1. A human-computer interaction method based on millimeter-wave radar, characterized in that, include: The millimeter-wave radar acquires user behavior information and human motion feature matrix. Based on the behavioral information and the human motion feature matrix, a micro-Doppler feature map of the user is generated; The micro-Doppler feature map is input into the interaction recognition model to generate the user's interaction intent, and the vehicle is controlled according to the interaction intent.

2. The human-computer interaction method based on millimeter-wave radar according to claim 1, characterized in that, The behavioral information includes the user's gesture distance, gesture speed, and gesture angle, wherein generating the user's micro-Doppler feature map based on the behavioral information and the human motion feature matrix includes: The behavioral information is processed by Fast Fourier Transform to obtain the user's gesture information, wherein the gesture information includes the user's gesture distance, gesture speed, and gesture angle; The human motion feature matrix is ​​subjected to Doppler motion target display processing to obtain the user's Doppler velocity information; Based on the Doppler velocity information, the gesture distance, the gesture speed, and the gesture angle, a micro-Doppler feature map of the user is generated.

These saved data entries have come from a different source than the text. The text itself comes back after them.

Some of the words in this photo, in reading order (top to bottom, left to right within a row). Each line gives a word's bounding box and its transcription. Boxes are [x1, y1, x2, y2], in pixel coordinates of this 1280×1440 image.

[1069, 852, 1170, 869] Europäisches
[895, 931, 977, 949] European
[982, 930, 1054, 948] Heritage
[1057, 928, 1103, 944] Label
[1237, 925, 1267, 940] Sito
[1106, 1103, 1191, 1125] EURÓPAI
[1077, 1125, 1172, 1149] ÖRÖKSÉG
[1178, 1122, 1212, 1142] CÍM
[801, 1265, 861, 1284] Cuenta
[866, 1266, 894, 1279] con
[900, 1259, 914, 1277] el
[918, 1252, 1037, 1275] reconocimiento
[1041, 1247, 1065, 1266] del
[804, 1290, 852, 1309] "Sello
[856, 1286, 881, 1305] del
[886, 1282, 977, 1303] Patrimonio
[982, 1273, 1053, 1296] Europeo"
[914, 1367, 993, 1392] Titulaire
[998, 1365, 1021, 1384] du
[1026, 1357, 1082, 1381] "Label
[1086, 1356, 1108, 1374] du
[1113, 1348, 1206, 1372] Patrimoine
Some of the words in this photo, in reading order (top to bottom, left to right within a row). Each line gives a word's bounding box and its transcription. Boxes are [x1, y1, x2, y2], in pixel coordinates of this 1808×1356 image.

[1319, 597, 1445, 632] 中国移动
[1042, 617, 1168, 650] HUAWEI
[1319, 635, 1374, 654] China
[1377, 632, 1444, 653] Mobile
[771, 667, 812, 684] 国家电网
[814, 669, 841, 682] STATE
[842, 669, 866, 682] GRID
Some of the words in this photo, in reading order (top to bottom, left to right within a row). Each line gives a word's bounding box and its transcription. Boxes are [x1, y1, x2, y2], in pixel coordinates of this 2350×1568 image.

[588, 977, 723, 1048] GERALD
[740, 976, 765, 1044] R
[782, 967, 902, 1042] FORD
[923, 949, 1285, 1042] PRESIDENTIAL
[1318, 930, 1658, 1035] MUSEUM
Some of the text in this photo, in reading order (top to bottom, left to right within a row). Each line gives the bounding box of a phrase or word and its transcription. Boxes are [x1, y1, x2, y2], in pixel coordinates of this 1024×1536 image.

3. The human-computer interaction method based on millimeter-wave radar according to claim 2, characterized in that, The step of generating the user's micro-Doppler feature map based on the Doppler velocity information, the gesture distance, the gesture speed, and the gesture angle includes: The gesture distance, gesture speed, and gesture angle are processed based on the Doppler velocity information to obtain the three-dimensional point cloud data corresponding to the gesture information; The three-dimensional point cloud data is mapped onto a two-dimensional plane to obtain the micro-Doppler feature map.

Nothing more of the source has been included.